Pain may develop from the hernia which can feel like “pinching, burning, and tearing”. Patients may also develop abdominal bloating after eating. In severe cases, the skin over the hernia may become red and tender. This means that the underlying fat or intestines are being strangled and should immediately be treated or severe complications may develop.

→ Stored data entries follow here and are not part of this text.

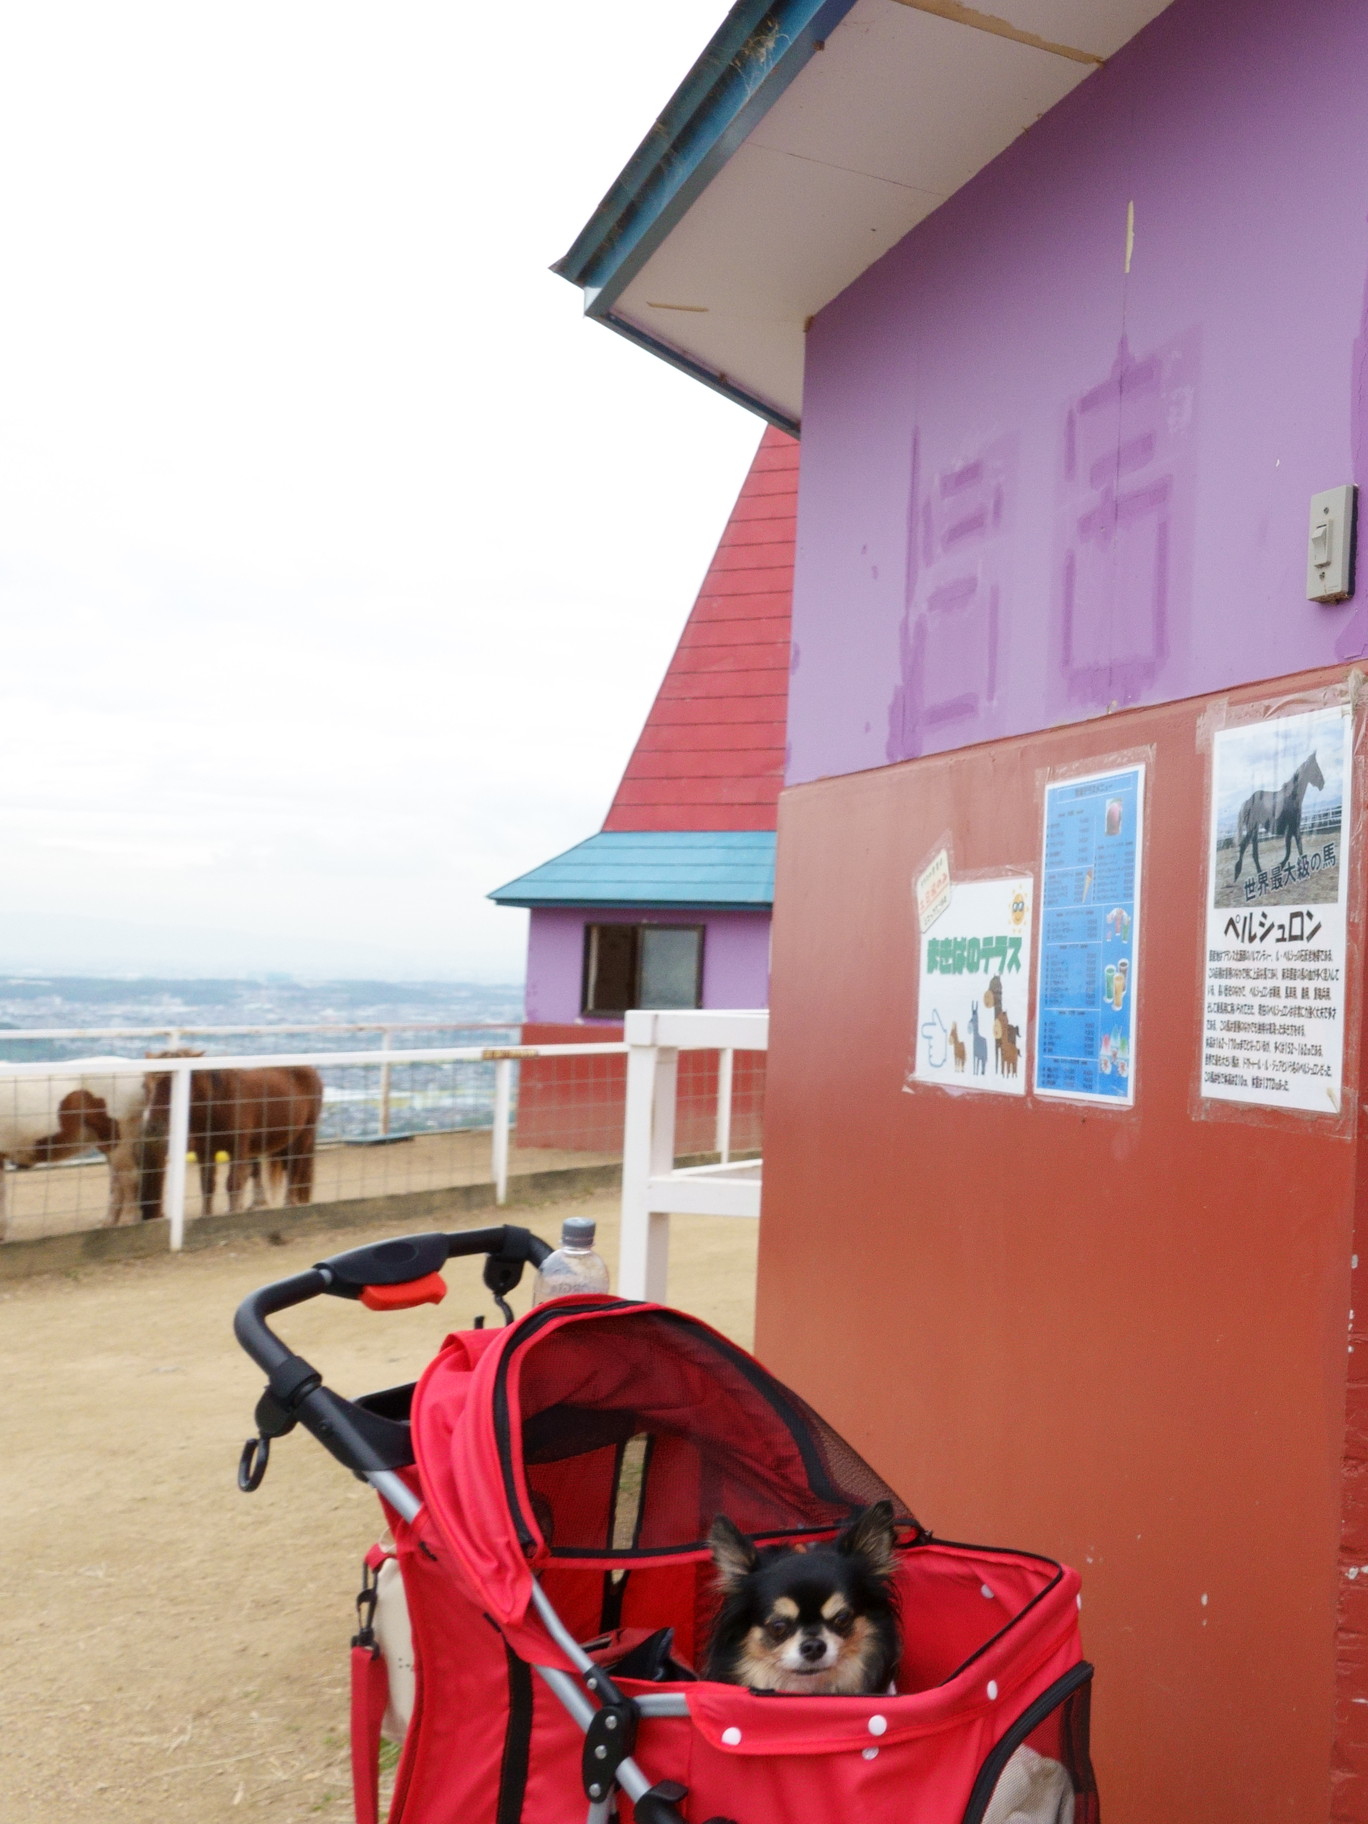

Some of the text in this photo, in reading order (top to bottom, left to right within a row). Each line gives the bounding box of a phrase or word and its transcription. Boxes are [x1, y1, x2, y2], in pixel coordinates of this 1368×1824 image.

[1244, 842, 1336, 901] 世界最大級の馬
[1224, 909, 1322, 944] ペルシュロン
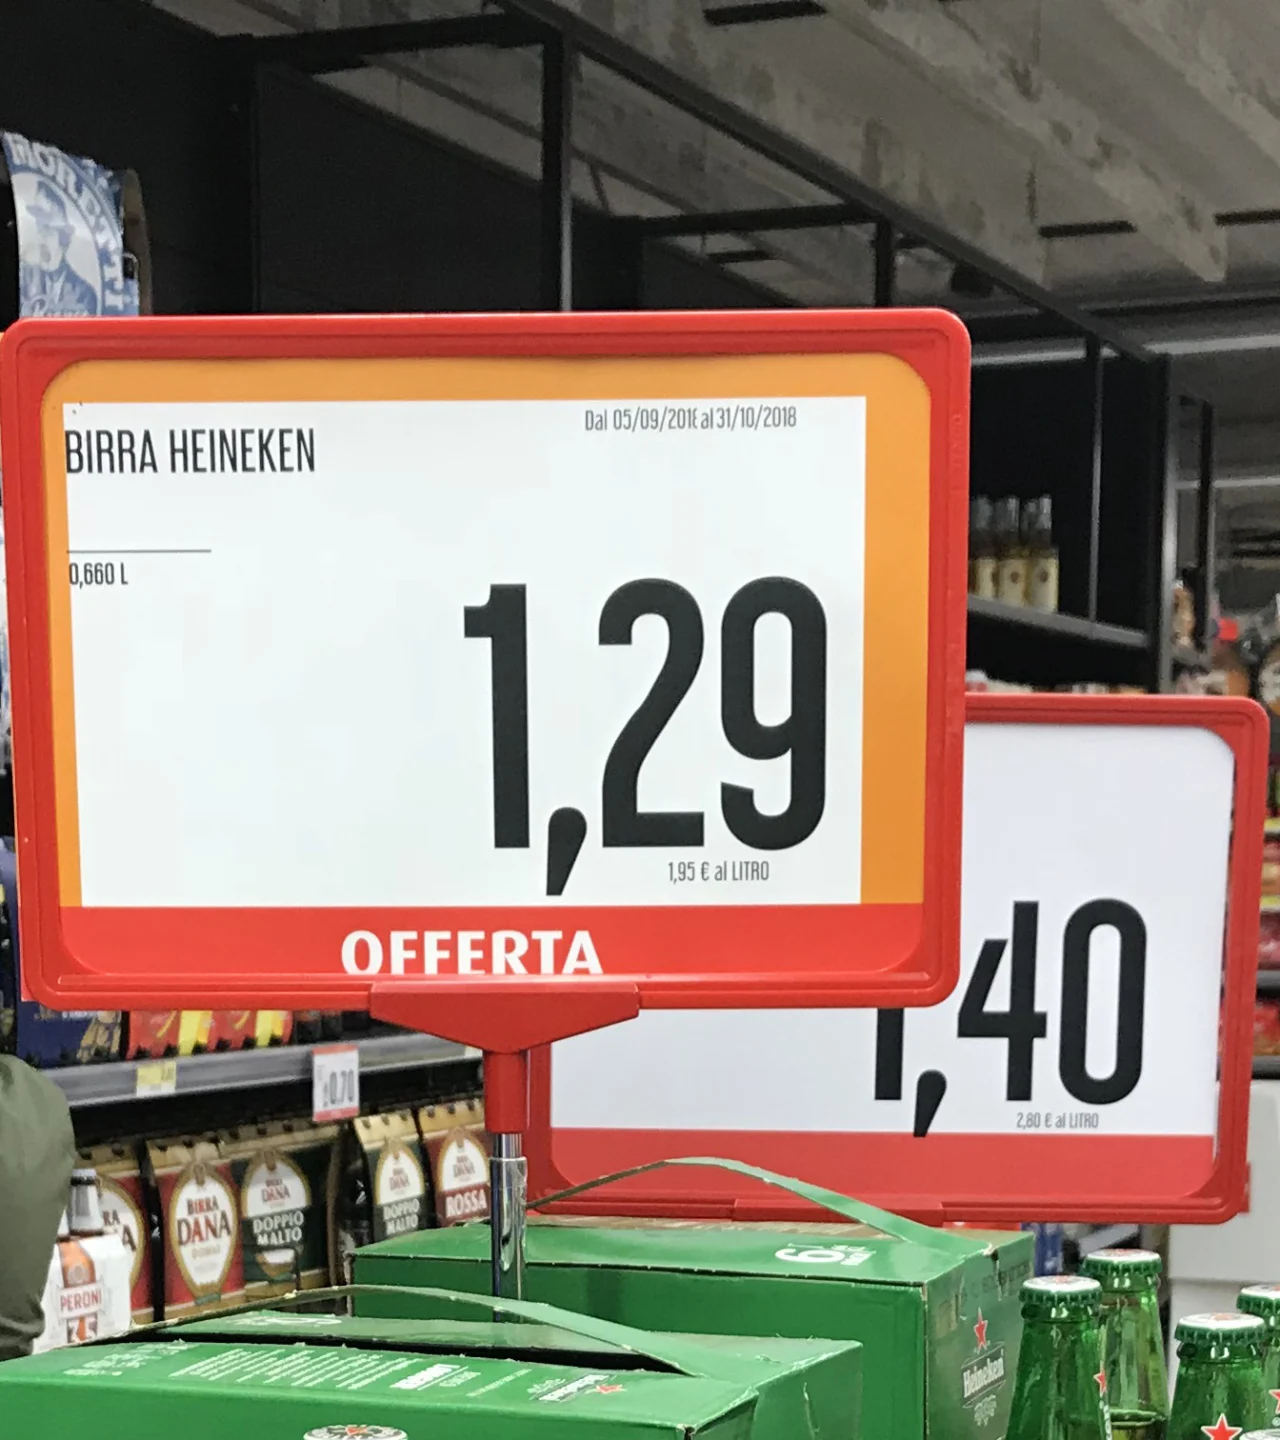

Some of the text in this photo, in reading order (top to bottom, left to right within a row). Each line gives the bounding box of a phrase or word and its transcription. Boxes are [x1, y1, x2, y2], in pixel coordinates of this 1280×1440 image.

[584, 409, 608, 431] Dal
[700, 408, 714, 430] al
[716, 407, 797, 431] 31/10/2018
[65, 428, 315, 474] BIRRA HEINEKEN
[68, 563, 129, 588] 0,660 L
[463, 575, 828, 896] 1,29
[667, 860, 770, 884] 1,95 € al LITRO
[341, 929, 604, 976] OFFERTA
[1016, 1111, 1041, 1129] 2,80
[1056, 1111, 1067, 1128] al
[1069, 1111, 1100, 1129] LITRO
[187, 1199, 218, 1215] BIRRA
[383, 1199, 420, 1219] DOPPIO
[445, 1189, 488, 1217] ROSSA
[177, 1215, 231, 1246] DANA
[252, 1211, 305, 1235] DOPPIO
[384, 1215, 419, 1236] MALTO
[256, 1228, 303, 1245] MALTO
[59, 1288, 103, 1311] PERONI
[963, 1356, 1004, 1399] Heineken

Incisional Hernias are holes that develops after any abdominal operation. These hernias can appear at the site of a previous surgery weeks, months, or even years later. They can vary in size from small to very large and complex. One incisional hernia may develop or many (Swiss cheese) hernia holes may develop. Studies have shown that 36% of all abdominal incisions later develop hernias. Examples of these are patients who have undergone Gallbladder, Colon, small Bowel, Weight loss, Stomach, Appendectomies, Prostatic, Vascular, Spleen, Hysterectomies, Ovarian, Bladder and Trauma operations.
Much more common in women, but can occur in men. These hernias appear just below your groin crease and are usually the result of pregnancy and childbirth. A weakness in the lower groin allows an intestinal sac to drop into the femoral canal, a space near the femoral vein that carries blood from your leg. These hernias are more prone to develop incarceration or strangulation as an early complication than are inguinal hernias. Therefore, early repair once these hernias are diagnosed is very strongly advised before such complications occur.
Hiatal hernias are not located on the abdominal wall, but rather on the inside of the abdomen where the esophagus meets the stomach. The “hiatus” refers to the opening in the diaphragm where the esophagus passes through from the chest into the abdomen and empties into the stomach.
When this opening becomes larger than normal and the stomach slides up into the chest, a hiatal hernia is present. Symptoms often include heartburn, reflux, regurgitation, and a feeling that food gets stuck in the lower part of the chest or upper abdomen and does not pass through easily.